--- Supplied records Enclosed Below ---

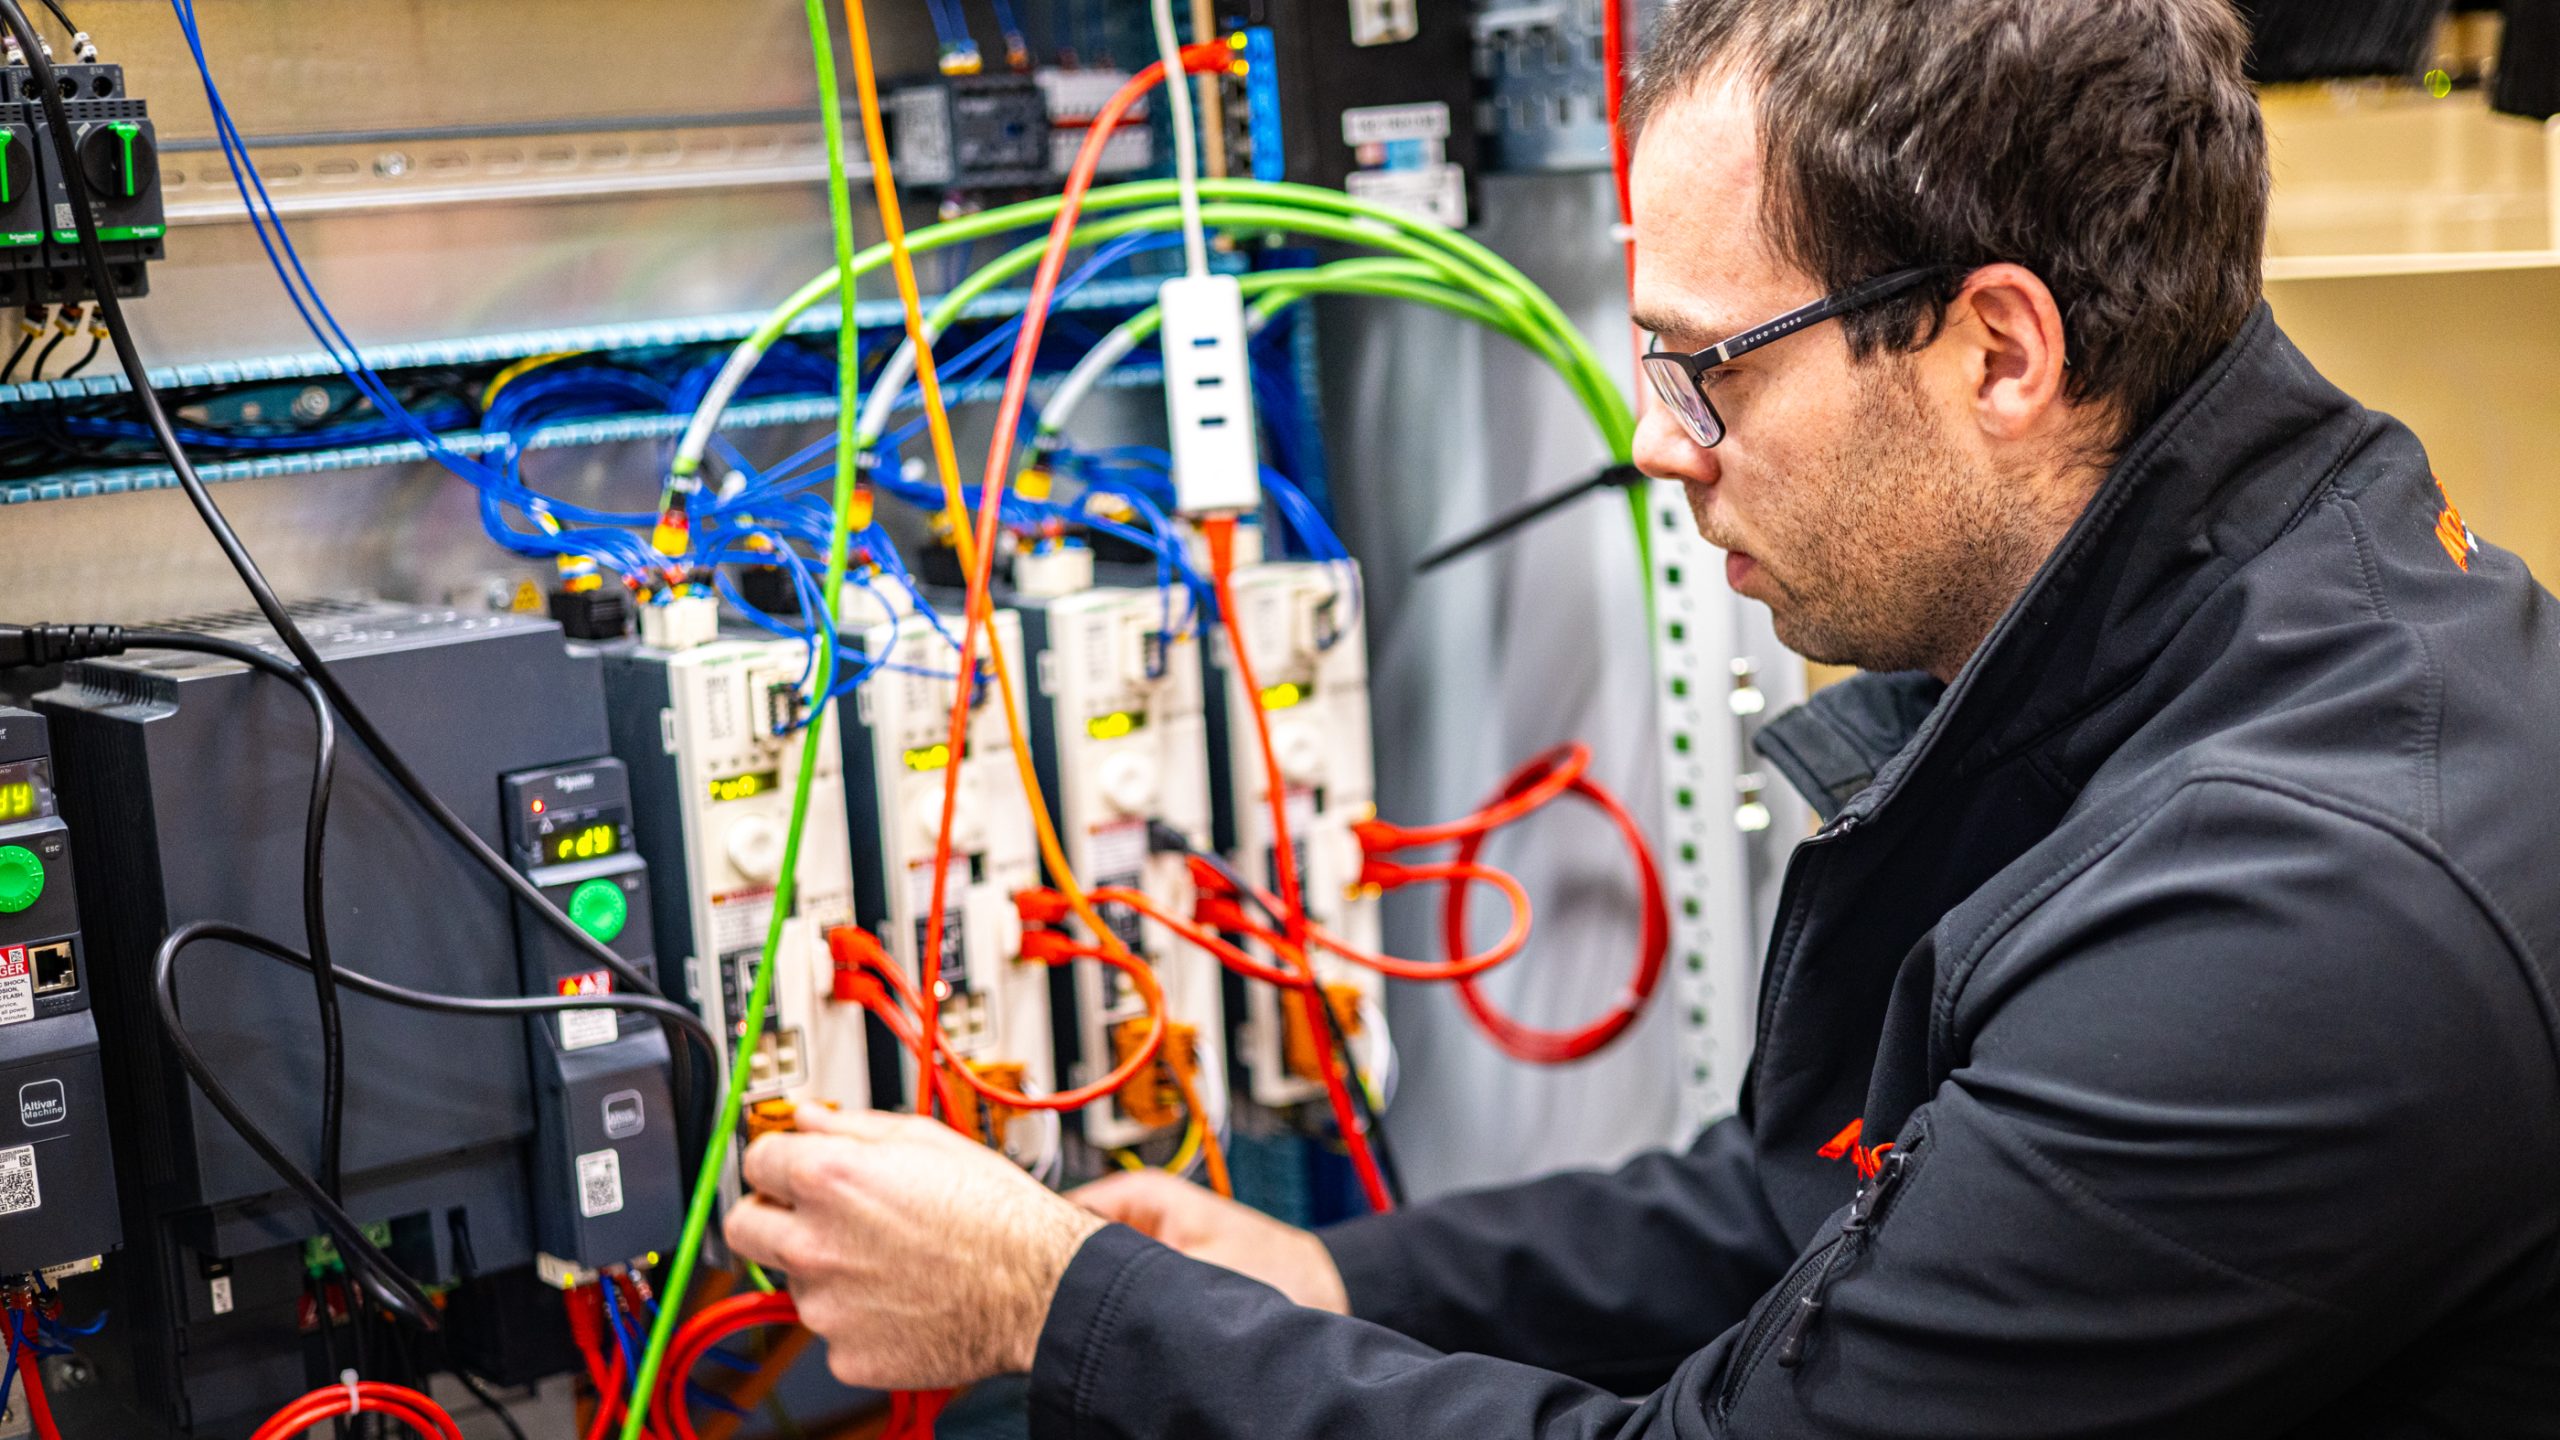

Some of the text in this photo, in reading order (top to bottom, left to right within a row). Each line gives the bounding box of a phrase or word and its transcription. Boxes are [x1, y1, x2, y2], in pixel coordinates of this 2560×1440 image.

[1741, 316, 1802, 346] HUGO BOSS
[45, 845, 60, 853] ESC
[23, 1099, 57, 1112] Altivar
[24, 1106, 63, 1119] Machine
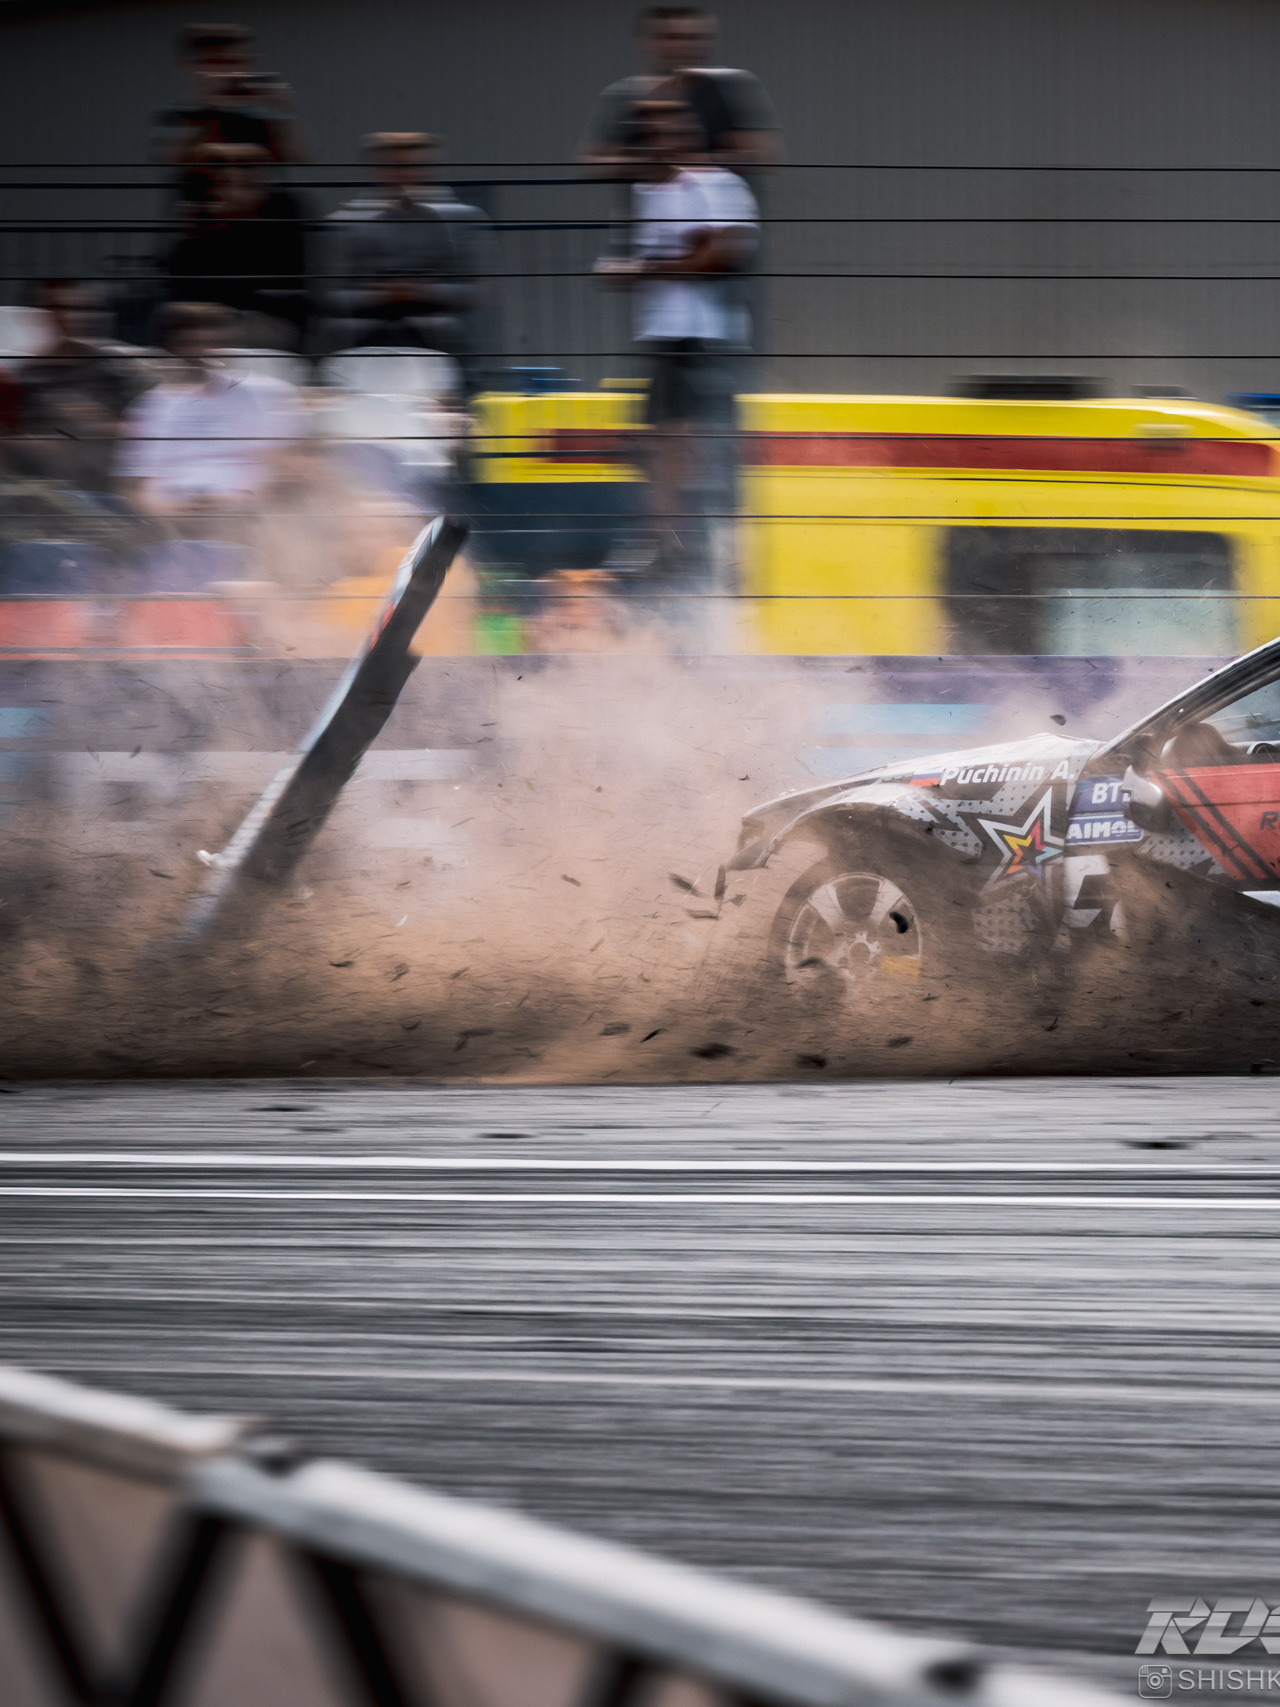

--- End of Enclosed Supplied records ---

## Your instructions
Output a faithful copy of the data, with each picture left out.

## Answer to this task
Some of the text in this photo, in reading order (top to bottom, left to right within a row). Each line gives the bounding box of a phrase or word and its transcription. Boxes are [x1, y1, x2, y2], in pixel coordinates of this 2560×1440 image.

[1741, 316, 1802, 346] HUGO BOSS
[45, 845, 60, 853] ESC
[23, 1099, 57, 1112] Altivar
[24, 1106, 63, 1119] Machine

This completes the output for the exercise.